* ABOUT THIS TASK
The whole listing, apart from its images, should be restated word for word.

━━━━━━━━━━━━━━━━━━━━

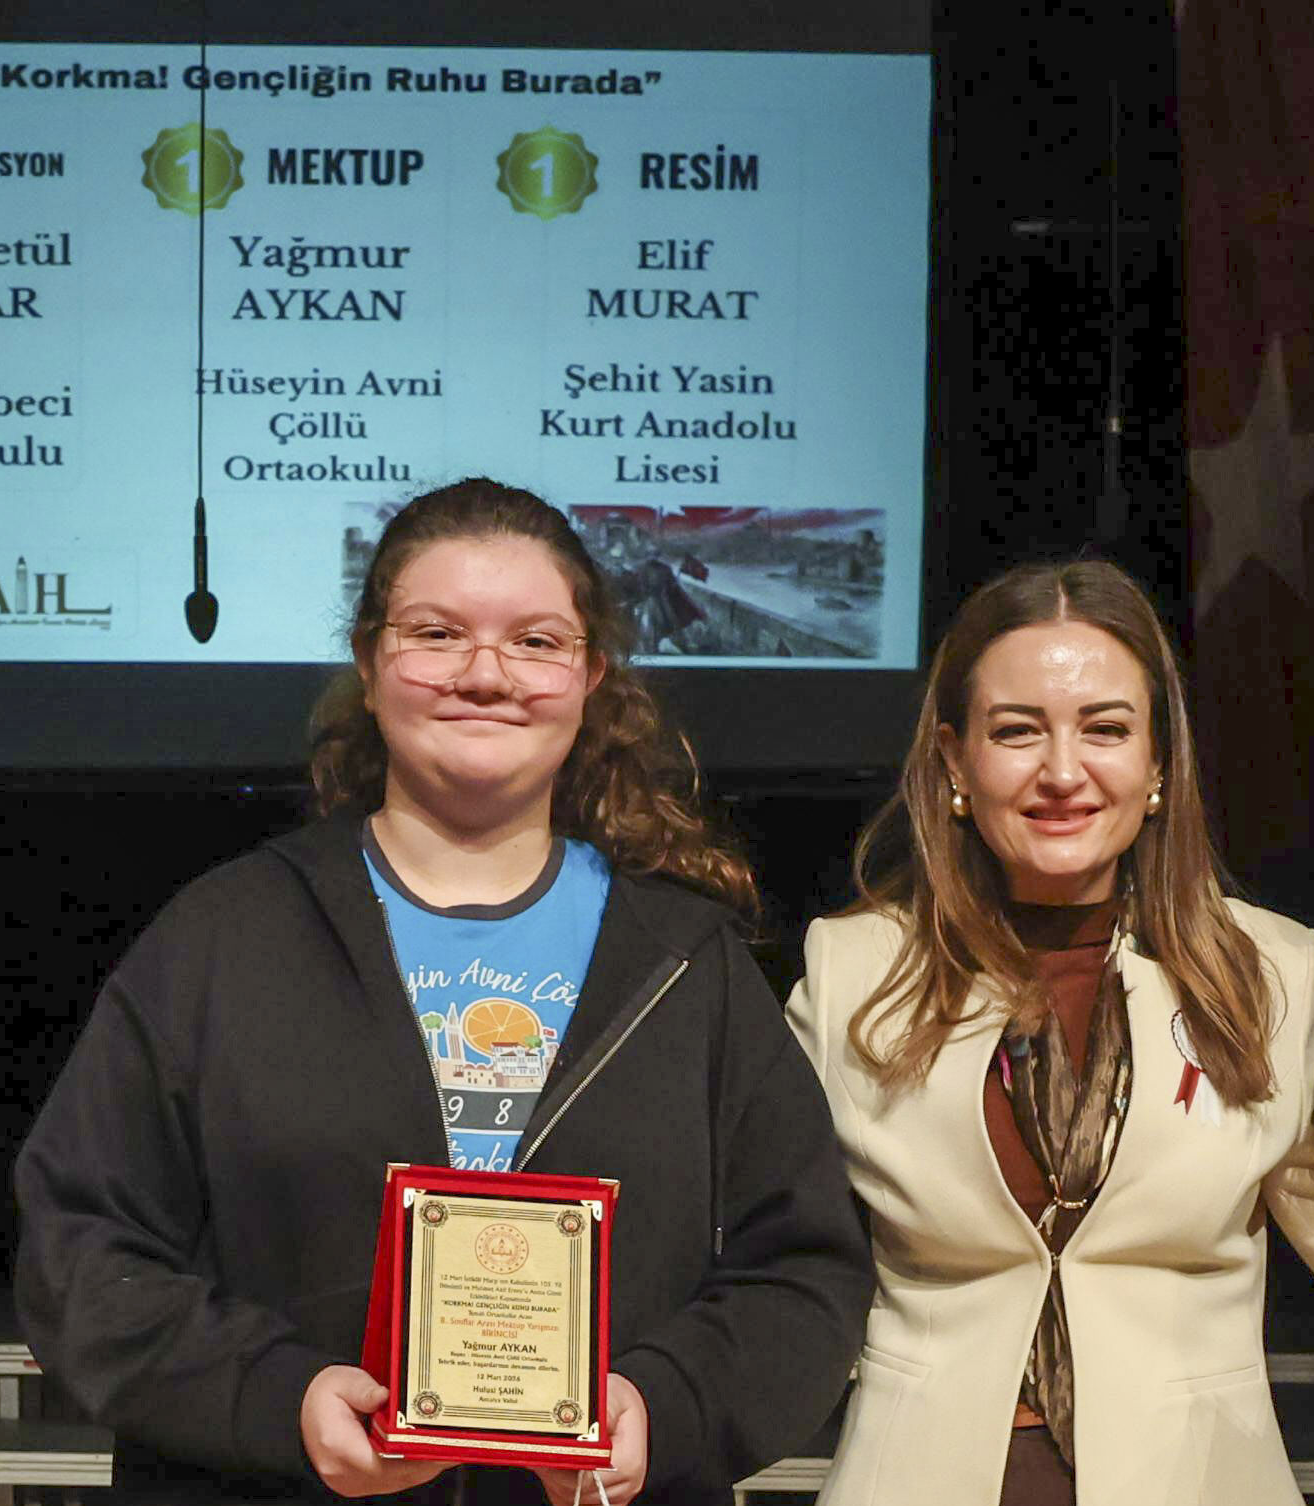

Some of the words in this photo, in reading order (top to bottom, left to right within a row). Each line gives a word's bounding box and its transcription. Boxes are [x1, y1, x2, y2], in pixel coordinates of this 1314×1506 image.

[183, 65, 371, 97] Gençliğin
[387, 67, 485, 92] Ruhu
[175, 150, 203, 193] 1
[268, 148, 424, 187] MEKTUP
[530, 153, 555, 198] 1
[641, 144, 759, 191] RESİM
[229, 235, 410, 276] Yağmur
[638, 240, 715, 271] Elif
[232, 289, 406, 321] AYKAN
[587, 290, 759, 320] MURAT
[195, 368, 345, 402] Hüseyin
[356, 369, 442, 396] Avni
[564, 364, 659, 399] Şehit
[673, 367, 773, 395] Yasin
[269, 412, 367, 444] Çöllü
[540, 410, 623, 438] Kurt
[636, 411, 797, 440] Anadolu
[224, 455, 411, 483] Ortaokulu
[615, 455, 720, 485] Lisesi
[459, 958, 528, 994] Avni
[448, 1095, 464, 1122] 9
[495, 1098, 514, 1125] 8
[462, 1340, 497, 1351] Yağmur
[500, 1343, 537, 1354] AYKAN
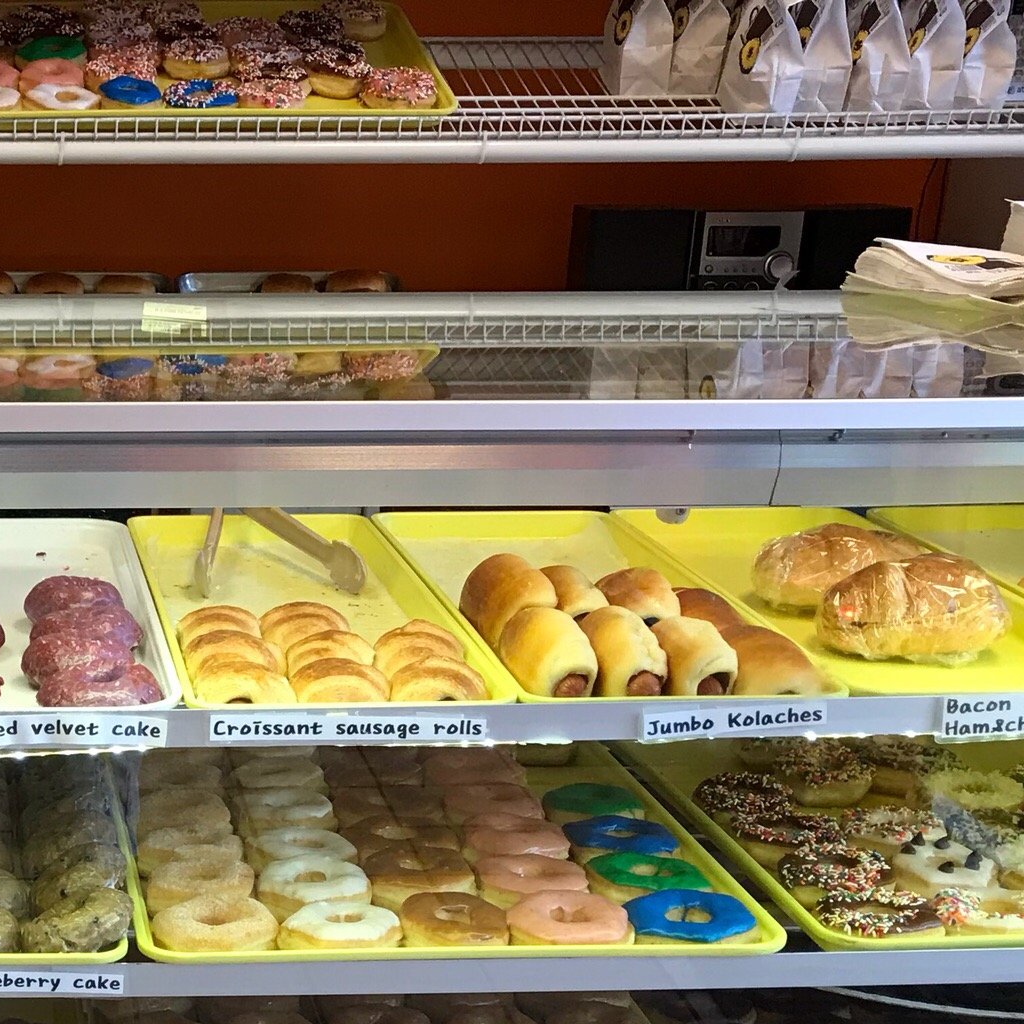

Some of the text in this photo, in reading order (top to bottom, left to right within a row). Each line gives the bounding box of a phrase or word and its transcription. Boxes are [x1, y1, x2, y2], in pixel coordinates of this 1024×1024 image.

[946, 698, 1011, 714] Bacon
[31, 719, 99, 736] velvet
[111, 721, 161, 738] cake
[335, 722, 420, 739] sausage
[433, 719, 482, 736] rolls
[647, 707, 823, 736] Jumbo Kolaches
[72, 975, 121, 990] cake

━━━━━━━━━━━━━━━━━━━━

* WRITTEN ANSWER
Some of the words in this photo, in reading order (top to bottom, left to right within a row). Each line gives a word's bounding box and its transcription. Boxes are [x1, y1, x2, y2], in pixel coordinates of this 1314×1506 image.

[183, 65, 371, 97] Gençliğin
[387, 67, 485, 92] Ruhu
[175, 150, 203, 193] 1
[268, 148, 424, 187] MEKTUP
[530, 153, 555, 198] 1
[641, 144, 759, 191] RESİM
[229, 235, 410, 276] Yağmur
[638, 240, 715, 271] Elif
[232, 289, 406, 321] AYKAN
[587, 290, 759, 320] MURAT
[195, 368, 345, 402] Hüseyin
[356, 369, 442, 396] Avni
[564, 364, 659, 399] Şehit
[673, 367, 773, 395] Yasin
[269, 412, 367, 444] Çöllü
[540, 410, 623, 438] Kurt
[636, 411, 797, 440] Anadolu
[224, 455, 411, 483] Ortaokulu
[615, 455, 720, 485] Lisesi
[459, 958, 528, 994] Avni
[448, 1095, 464, 1122] 9
[495, 1098, 514, 1125] 8
[462, 1340, 497, 1351] Yağmur
[500, 1343, 537, 1354] AYKAN

Some of the text in this photo, in reading order (top to bottom, left to right within a row). Each line gives the bounding box of a phrase or word and its transcription. Boxes are [x1, y1, x2, y2], in pixel coordinates of this 1024×1024 image.

[946, 698, 1011, 714] Bacon
[31, 719, 99, 736] velvet
[111, 721, 161, 738] cake
[335, 722, 420, 739] sausage
[433, 719, 482, 736] rolls
[647, 707, 823, 736] Jumbo Kolaches
[72, 975, 121, 990] cake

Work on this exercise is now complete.